The buns were soft but not soggy, with a light fragrance of Planta or margarine which was used to grill the bread. The whole combination transported me back in time to my secondary school days, where the canteen served simple buns and burgers.
The ham and egg were nothing to rave about, just simple and comforting. I was glad that the yolk was well-done, so I didn’t have to clean up any explosive yolk— a non-messy affair!
I then moved on to their specialty item which everyone was raving about online, the Original Pork Bun (S$3.80). It consisted of a slice of pork chop, cheddar cheese, and was topped with mayonnaise and chilli sauce.
At first glance, my dining partners and I thought that the pork chop was a piece of bak kwa due to its slightly charred surface.
After taking the first bite, I was surprised at how tender and flavourful the meat was. The texture of the meat resembled pulled pork because of its stringy insides. It was marinated in something sweet and went really well with the creamy melted cheese on top. The sweet and sour hints derived from the chilli sauce and mayo elevated the taste even more.

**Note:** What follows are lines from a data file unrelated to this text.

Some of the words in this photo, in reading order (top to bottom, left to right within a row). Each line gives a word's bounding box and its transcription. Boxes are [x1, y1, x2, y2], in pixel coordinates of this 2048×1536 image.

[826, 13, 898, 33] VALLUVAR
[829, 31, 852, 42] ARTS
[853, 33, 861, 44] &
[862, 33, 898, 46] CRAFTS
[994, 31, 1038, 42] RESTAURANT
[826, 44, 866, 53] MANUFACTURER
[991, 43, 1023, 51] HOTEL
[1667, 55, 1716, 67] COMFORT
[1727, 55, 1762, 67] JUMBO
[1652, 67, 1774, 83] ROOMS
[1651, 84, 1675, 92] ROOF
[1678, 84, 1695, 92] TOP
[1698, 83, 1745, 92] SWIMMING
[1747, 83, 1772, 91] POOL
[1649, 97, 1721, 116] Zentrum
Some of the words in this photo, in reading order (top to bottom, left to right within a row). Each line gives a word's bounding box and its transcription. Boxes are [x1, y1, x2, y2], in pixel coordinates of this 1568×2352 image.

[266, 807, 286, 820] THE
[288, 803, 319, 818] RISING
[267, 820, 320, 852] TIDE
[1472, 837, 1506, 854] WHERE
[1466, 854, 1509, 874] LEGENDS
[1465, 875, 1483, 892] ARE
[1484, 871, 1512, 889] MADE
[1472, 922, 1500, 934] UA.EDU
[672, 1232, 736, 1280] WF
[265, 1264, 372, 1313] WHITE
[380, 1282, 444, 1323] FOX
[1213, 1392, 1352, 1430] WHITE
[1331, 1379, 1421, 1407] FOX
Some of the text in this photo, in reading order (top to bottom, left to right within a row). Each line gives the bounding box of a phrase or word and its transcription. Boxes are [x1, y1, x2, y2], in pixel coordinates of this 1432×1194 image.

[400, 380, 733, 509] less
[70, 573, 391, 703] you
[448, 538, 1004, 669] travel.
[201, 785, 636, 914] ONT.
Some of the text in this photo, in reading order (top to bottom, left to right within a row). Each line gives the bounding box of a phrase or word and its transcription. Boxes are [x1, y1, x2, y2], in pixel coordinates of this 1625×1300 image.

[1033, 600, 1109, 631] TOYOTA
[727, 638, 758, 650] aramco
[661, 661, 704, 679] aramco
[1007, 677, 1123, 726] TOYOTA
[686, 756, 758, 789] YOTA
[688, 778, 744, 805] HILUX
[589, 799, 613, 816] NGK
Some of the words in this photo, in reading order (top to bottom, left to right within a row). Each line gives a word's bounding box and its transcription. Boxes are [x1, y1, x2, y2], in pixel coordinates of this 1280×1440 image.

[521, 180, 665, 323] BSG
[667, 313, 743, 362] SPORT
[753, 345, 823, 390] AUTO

Perhaps my only gripe with it was that the pork chop was a little too thin, and I wanted more! That being said, I wouldn’t expect them to serve a bigger-sized piece of meat for that price point.
The final bun I tried was the Crispy Chicken Bun (S$3.80). It had a thick breaded chicken cutlet together with a slice of cheddar cheese, and a luscious spread of mayo.
Similar to the previous 2, the buns were soft and perfectly grilled. I omitted the chilli sauce and I immediately regretted my decision. The overall taste of the Crispy Chicken Bun wasn’t as robust without the sweet chilli sauce to lift it up.
The chicken cutlet was still moist and the breading was nice and crispy. The thickness of the meat was so much more than that of the pork chop— this option is the best bang for your buck!
Although I enjoy visiting a fancy cafe or two once in a blue moon, simple kopitiam fare is still my go-to. These piglet buns are not only wallet-friendly, but they’re also delicious and great to have on-the-go.
My favourite bun from that morning was the Original Pork Bun and I highly recommend it— try it and let me know what you think.